Conforme solicitado #34
Coldplay e Drake entram num bar…
Tal e qual a banda Coldplay, a gente também já criou uma intimidade contigo que beira o inconveniente – entramos na sua casa e já metemos a mão na sua geladeira, bebemos a sua cerveja e botamos os pés em cima da mesinha de centro. Mas juro que não é por mal, família. Como já disse Jânio Quadros, sei lá se é uma citação apócrifa, “intimidade gera aborrecimento ou filhos”. Como não queremos nenhum dos dois, vamos devagar.
Mas voltando às analogias, tal e qual o cantor Drake, também não gostamos de trabalhar. O que me lembra que o verso “Trabalho é besteira, o negócio é sambar”, do João Nogueira, é o equivalente ao verso “I was looking for a job, and then I found a job” (com aquela inflexão marota e triste no “and then I found a job”), do Morrissey. Méier e Manchester nunca foram tão diferentes assim, quando você para para pensar.
Nesta edição Gabriel escreve sobre BBB; João também sobre BBB e Arnaldo faz um giro de notícias desse Brasil brasileiro. Além disso, temos o cartum do Arnaldo e as dicas da redação.
Não custa lembrar também que cada edição lindona como essa, que agora tens em mãos, custa tempo e, POR CONSEGUINTE, dinheiro. Daí considere, com carinho e generosidade de vó para neto, desembolsar um qualquer para gente, demorou? Nossos planos são R$15,00 por mês; R$150,00 por ano ou ainda R$250,00, se você decidir ser o nosso “velho da lancha”. Vamo que vamo, meu agiota.

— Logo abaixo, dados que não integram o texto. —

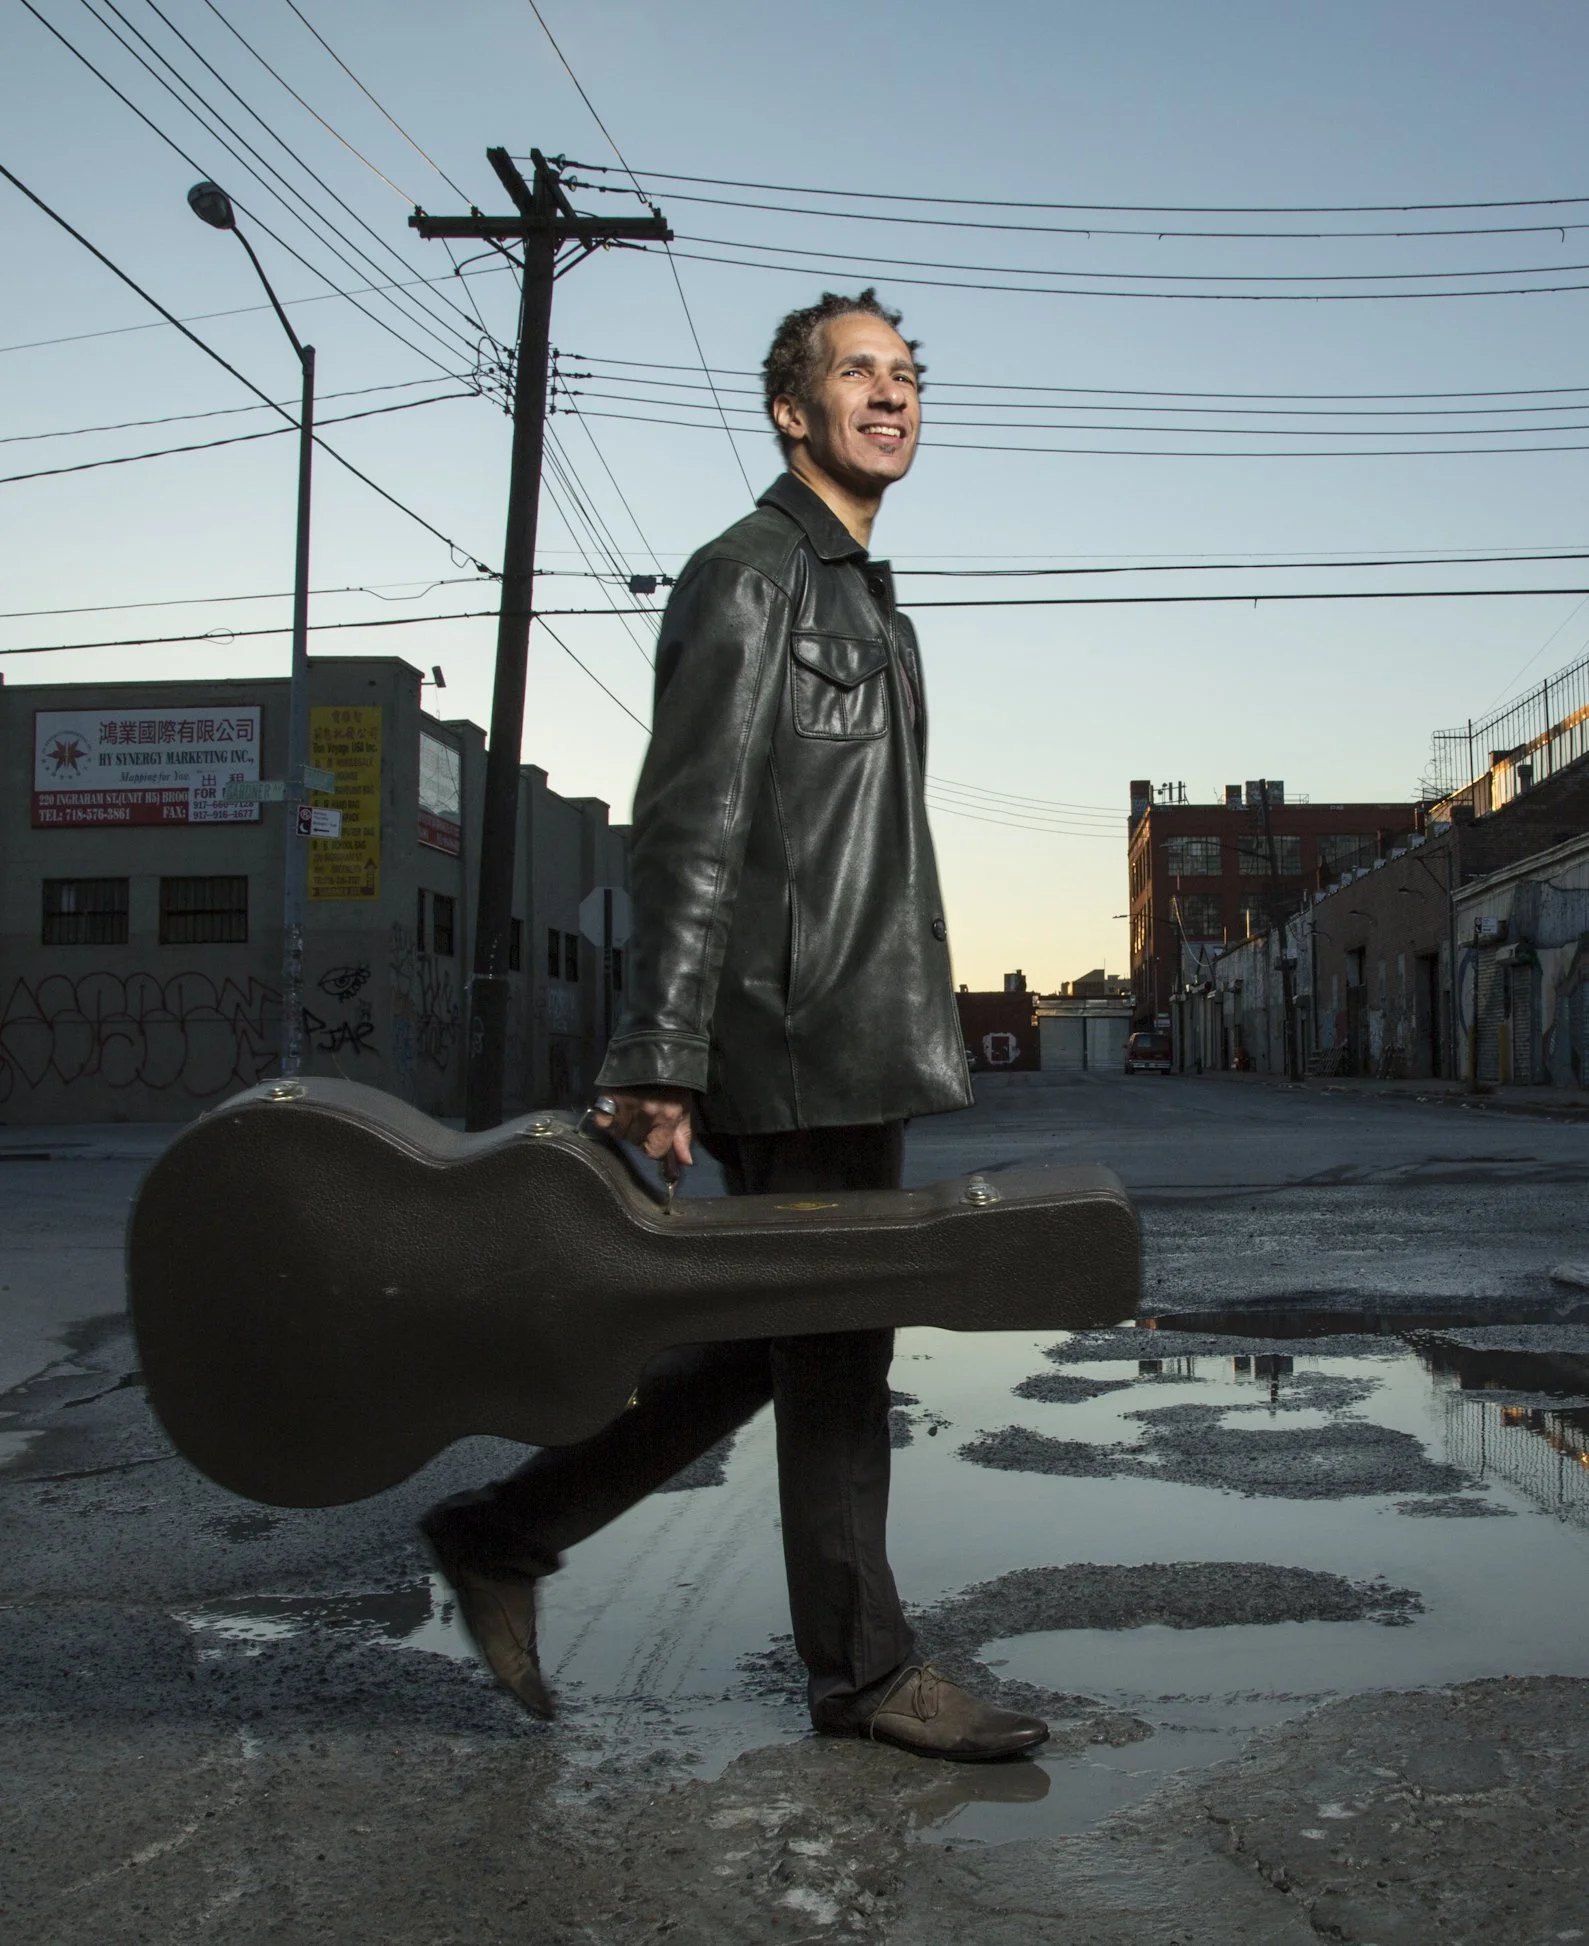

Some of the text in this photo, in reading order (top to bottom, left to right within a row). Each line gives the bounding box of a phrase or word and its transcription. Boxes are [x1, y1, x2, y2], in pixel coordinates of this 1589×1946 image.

[99, 718, 254, 745] 鴻業國際有限公司
[99, 753, 115, 766] HY
[116, 751, 163, 766] SYNERGY
[166, 749, 228, 765] MARKETING
[120, 771, 158, 784] Mapping
[159, 771, 171, 783] for
[56, 793, 104, 805] INGRAHAM
[194, 788, 217, 799] FOR
[40, 806, 187, 822] TEL: 718-576-3861 FAX:
[193, 809, 254, 820] 917-916-1677

Uma defesa do BBB (não que ele precise etc.)
Gabriel Trigueiro (Instagram: @gabri_eltrigueiro)
Com alguma frequência amigos meus que não assistem ao BBB me perguntam o que há de bom, ou de interessante, nesse negócio. Embora o BBB certamente não precise da minha defesa para absolutamente nada, vou tentar desenvolver aqui um argumento que, assim, é menos uma defesa ou uma justificativa acanhada, e mais uma digressão rápida em voz alta sobre esse troço, ok?

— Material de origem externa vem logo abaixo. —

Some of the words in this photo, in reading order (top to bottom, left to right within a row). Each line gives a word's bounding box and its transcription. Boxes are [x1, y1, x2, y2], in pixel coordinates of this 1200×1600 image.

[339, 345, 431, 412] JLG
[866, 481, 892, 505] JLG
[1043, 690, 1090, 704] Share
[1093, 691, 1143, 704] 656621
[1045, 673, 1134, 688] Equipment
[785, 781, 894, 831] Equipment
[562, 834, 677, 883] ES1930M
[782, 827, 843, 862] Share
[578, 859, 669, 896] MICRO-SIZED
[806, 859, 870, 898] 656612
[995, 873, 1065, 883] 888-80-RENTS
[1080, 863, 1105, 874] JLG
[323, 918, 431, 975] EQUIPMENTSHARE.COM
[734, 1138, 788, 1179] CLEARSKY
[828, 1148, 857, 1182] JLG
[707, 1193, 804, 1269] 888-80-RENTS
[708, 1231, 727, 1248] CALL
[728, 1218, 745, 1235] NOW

Em primeiro lugar, é importante, muito importante, evitar a resposta errada. Eu não assisto BBB “pelos aspectos antropológicos”, nem pelos “insights sociológicos”, ou por qualquer outra resposta chata e pretensiosa desse tipo. Eu assisto BBB porque o bagulho é divertido pra burro. Ponto.
Além disso, nos seus melhores momentos, é grande TV. A capacidade da equipe de edição do programa de criar e montar arcos dramáticos complexos e interessantes deixa qualquer Thelma Schoonmaker no chinelo, vai por mim.
Mas, assim, se por um lado assistir ao BBB à procura de pistas sociológicas é tão bobo quanto, para usar uma imagem de velho, justificar a compra de uma Playboy por causa da entrevista, a verdade é que as pistas sociológicas estão lá. E a tal da casa mais vigiada do país acaba sendo uma câmara de ressonância de questões sociais que estão sendo discutidas fora dela, não tem jeito.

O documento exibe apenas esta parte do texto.